Wednesday, January 28, 2009

More Evidence I'm Thinking Too Much

If battery technology ever becomes advanced enough, batteries could function as money, perhaps even better than the traditional metals did. I am talking pretty far in the future here. One would have to be able to tell how much power was in the batteries and capacity levels would have to be far higher while battery size would either have to stay the same or get smaller.

Now someone with a better grasp of the possibilities of putting large amounts of power into very small spaces may come along and tell me we could never get enough for the idea to work. That's okay, but this line of thought has me thinking- it is obvious that government paper money is bad, but they seem unwilling to allow us to return to the traditional metals. What happens if there is an invented solution?

Obviously the government would use force to keep it's monopoly, but there is a chance they would only recognize the new invention as a battery (or whatever else it might be) and not implement controls until it was too late. Too late, in these sorts of cases is when government people are all using the new money too because it's just that much more useful than the junk that they put out.

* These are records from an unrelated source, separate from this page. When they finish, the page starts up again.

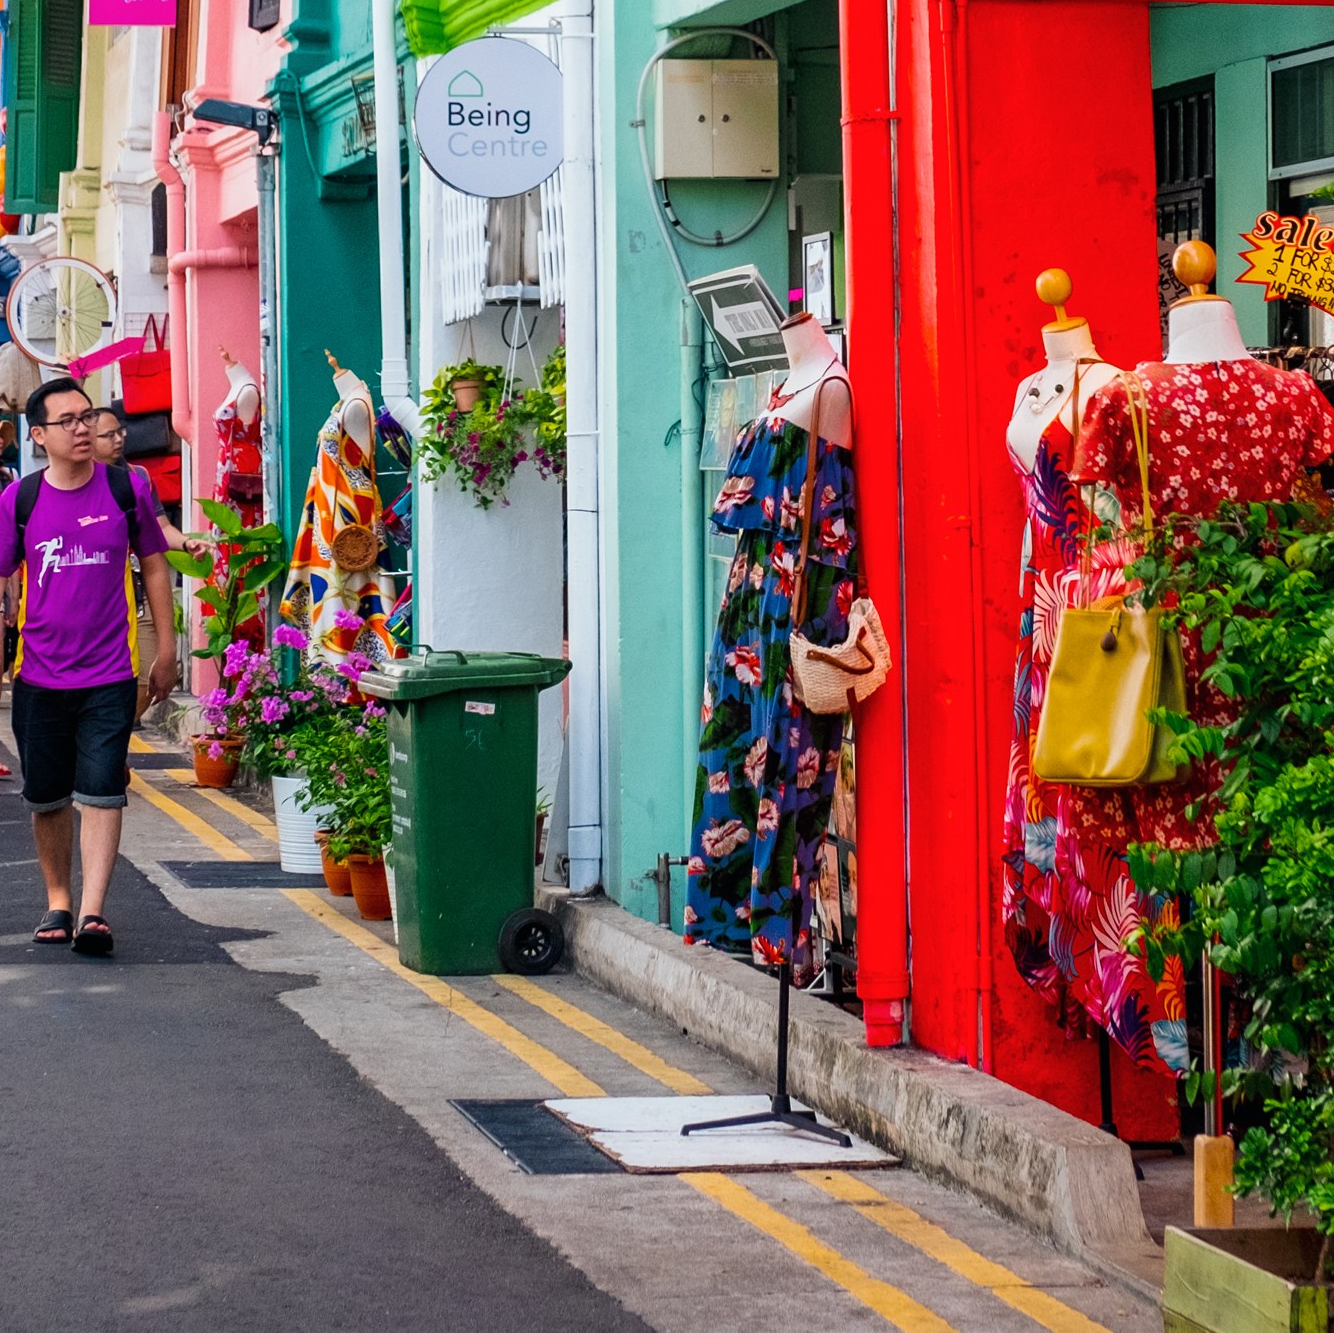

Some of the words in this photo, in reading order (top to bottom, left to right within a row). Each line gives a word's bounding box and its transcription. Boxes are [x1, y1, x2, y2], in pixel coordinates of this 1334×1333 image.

[448, 101, 531, 135] Being
[448, 132, 548, 157] Centre
[1272, 244, 1286, 264] 1
[1290, 248, 1320, 271] FOR
[1266, 262, 1279, 277] 2
[1286, 267, 1313, 289] FOR
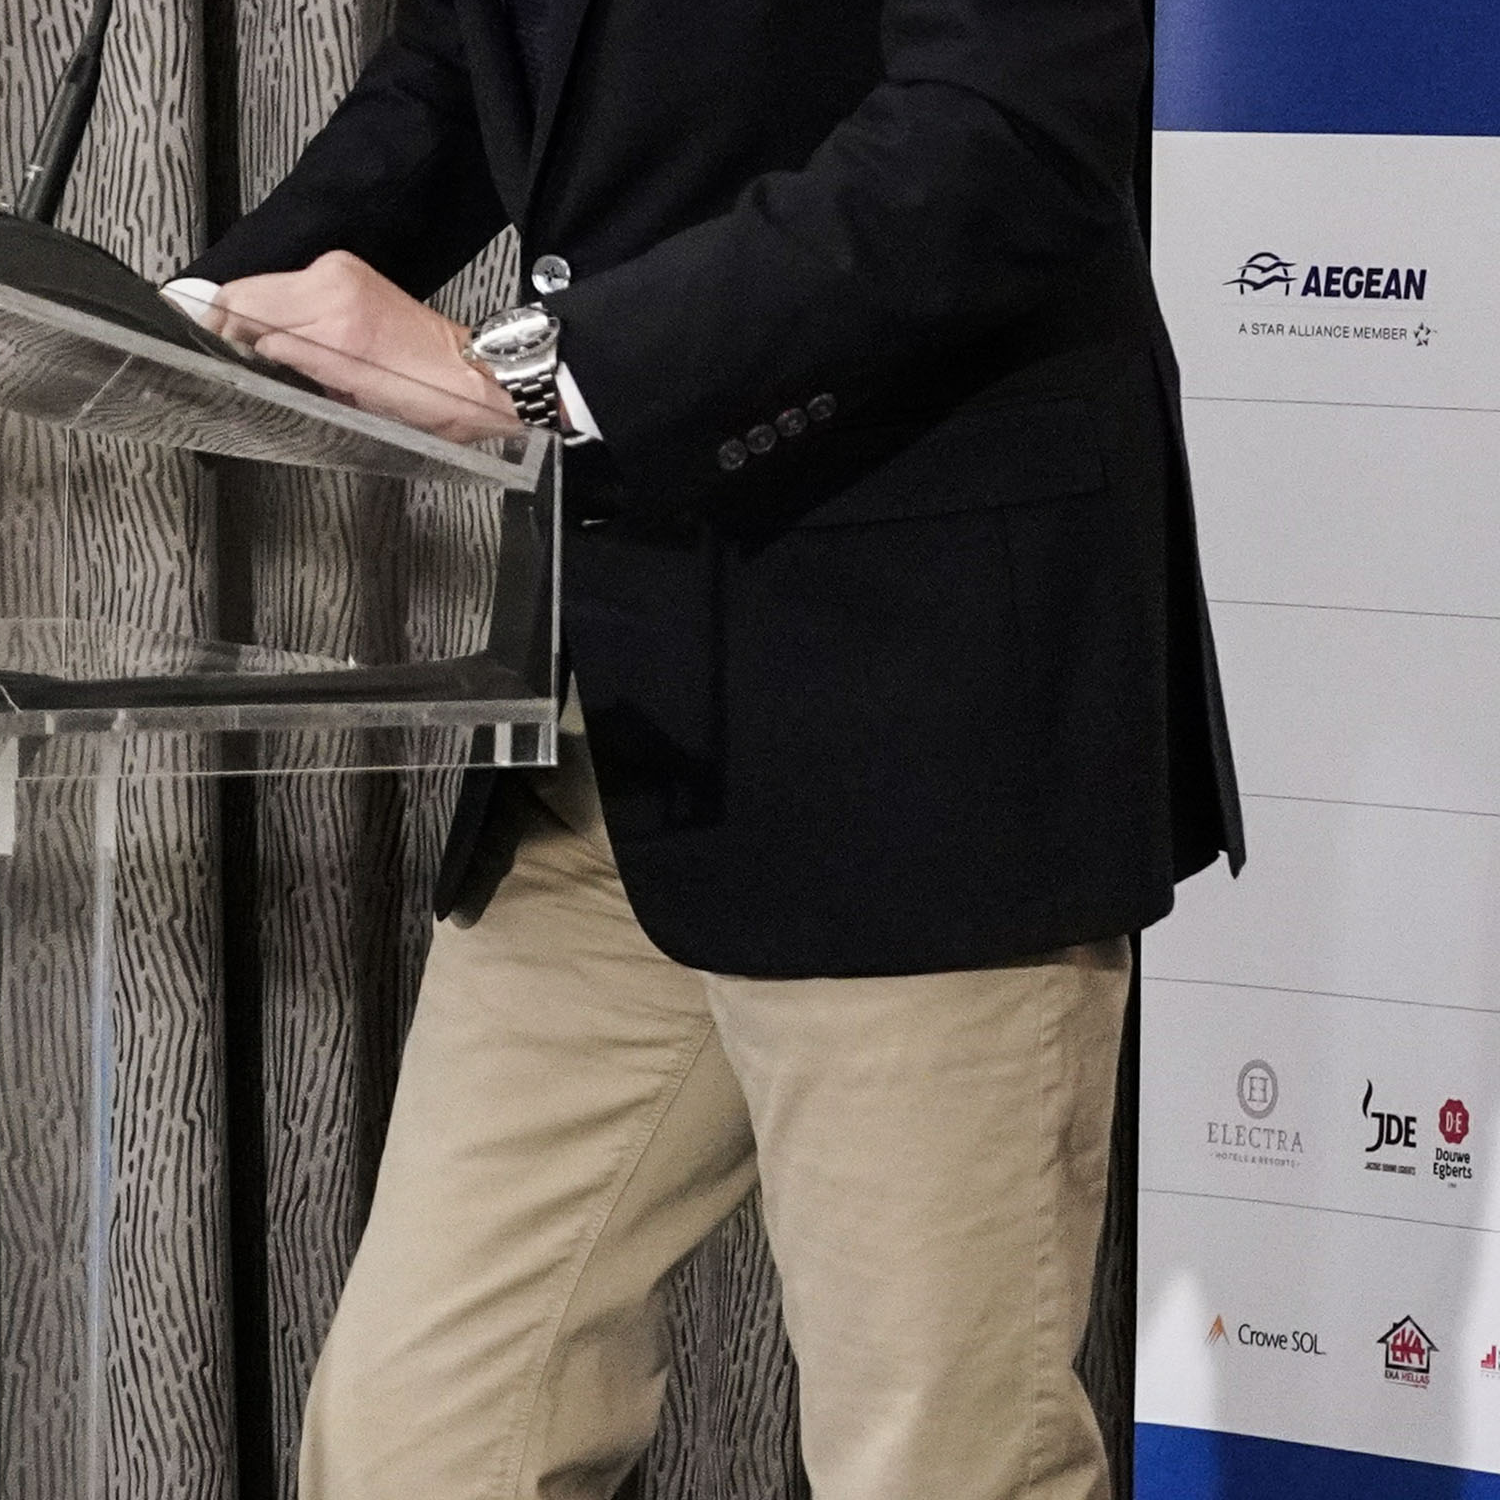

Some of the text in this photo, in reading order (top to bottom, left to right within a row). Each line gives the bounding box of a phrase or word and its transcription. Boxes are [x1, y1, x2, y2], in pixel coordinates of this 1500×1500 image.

[1301, 266, 1427, 300] AEGEAN
[1238, 323, 1408, 340] A STAR ALLIANCE MEMBER
[1207, 1122, 1304, 1153] ELECTRA
[1365, 1112, 1417, 1152] JDE
[1436, 1147, 1471, 1164] Douwe
[1433, 1162, 1473, 1180] Egberts
[1238, 1323, 1287, 1350] Crowe
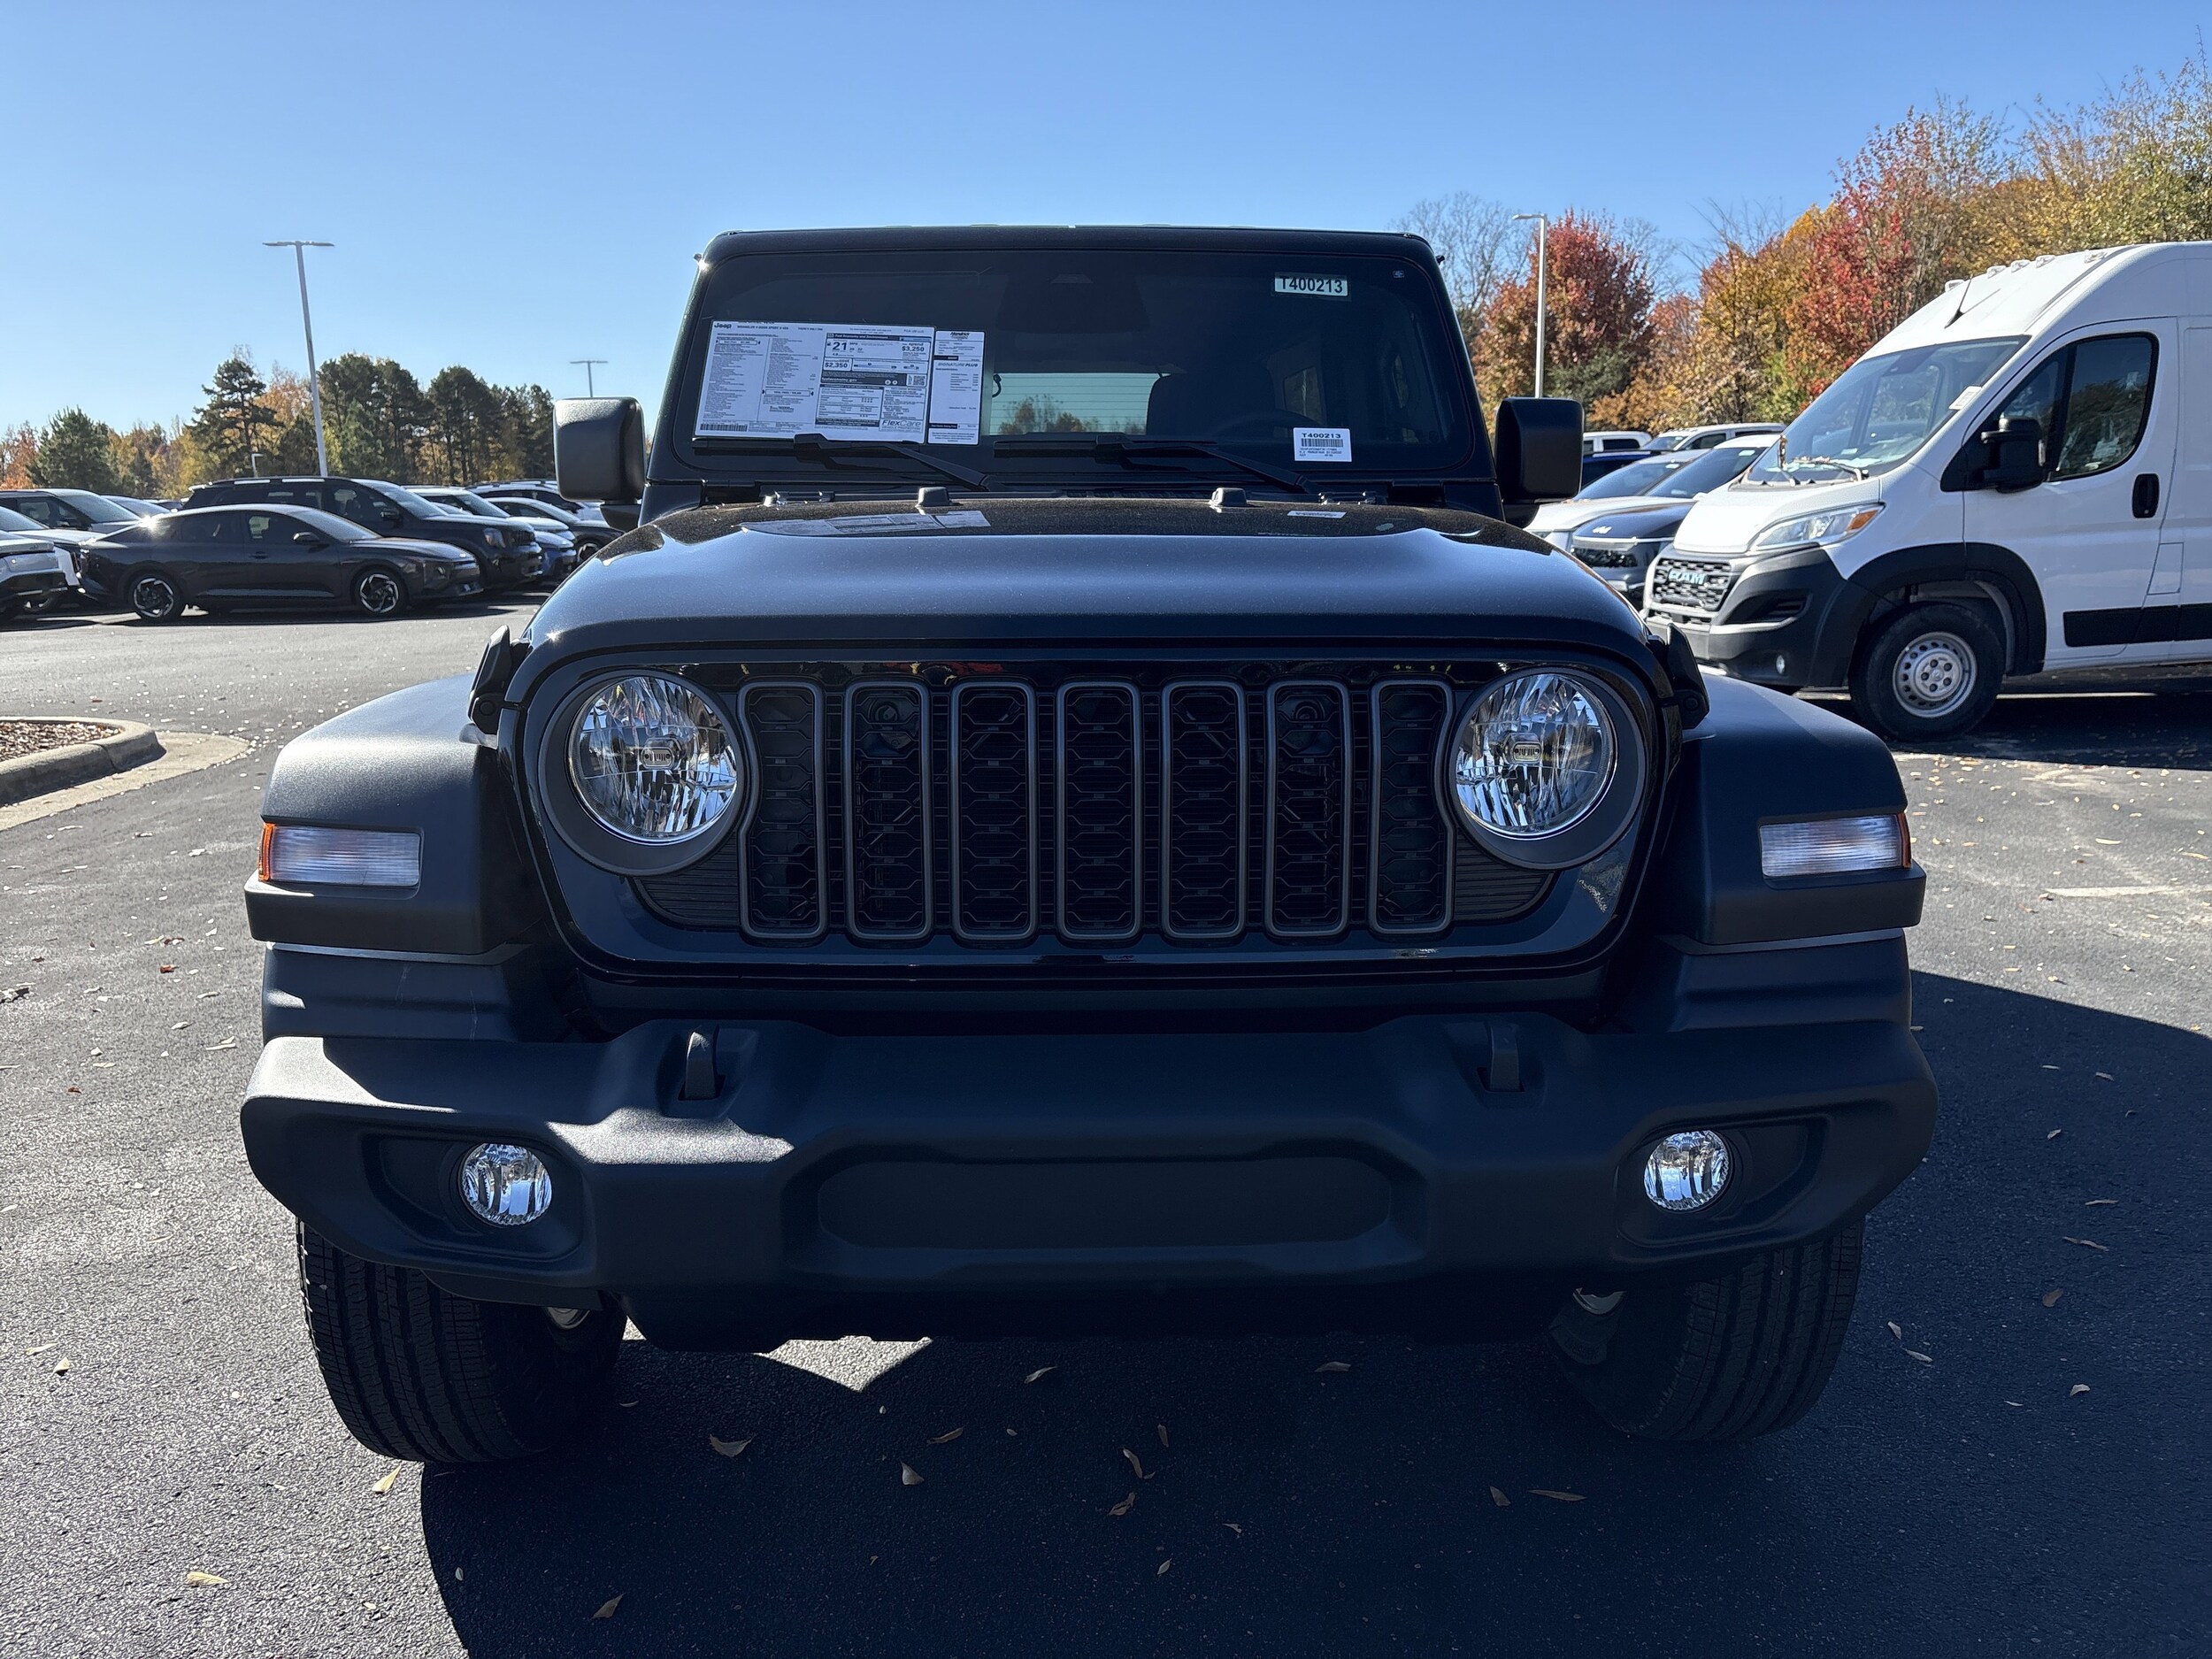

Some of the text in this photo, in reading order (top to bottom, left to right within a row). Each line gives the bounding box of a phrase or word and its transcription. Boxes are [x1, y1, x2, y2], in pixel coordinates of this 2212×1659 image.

[1279, 276, 1343, 294] T400213
[833, 342, 847, 351] 21
[1669, 570, 1705, 585] RAM

I suspect that government forces would then want to secure a monopoly on producing the new invention, but that would open a whole bunch of problems they currently don't have to deal with in the paper money world. The production process itself would be much more complicated than printing money. Governments do not innovate well either. Also, part of their love for paper money comes from being able to quickly inflate the money supply in order to pay for their obsession of the day, whether it be war, or brightly colored straws for schoolchildren to drink their milk with. Having to actually make a real product, one that works in a predictable and reliable way, makes inflation much more unlikely.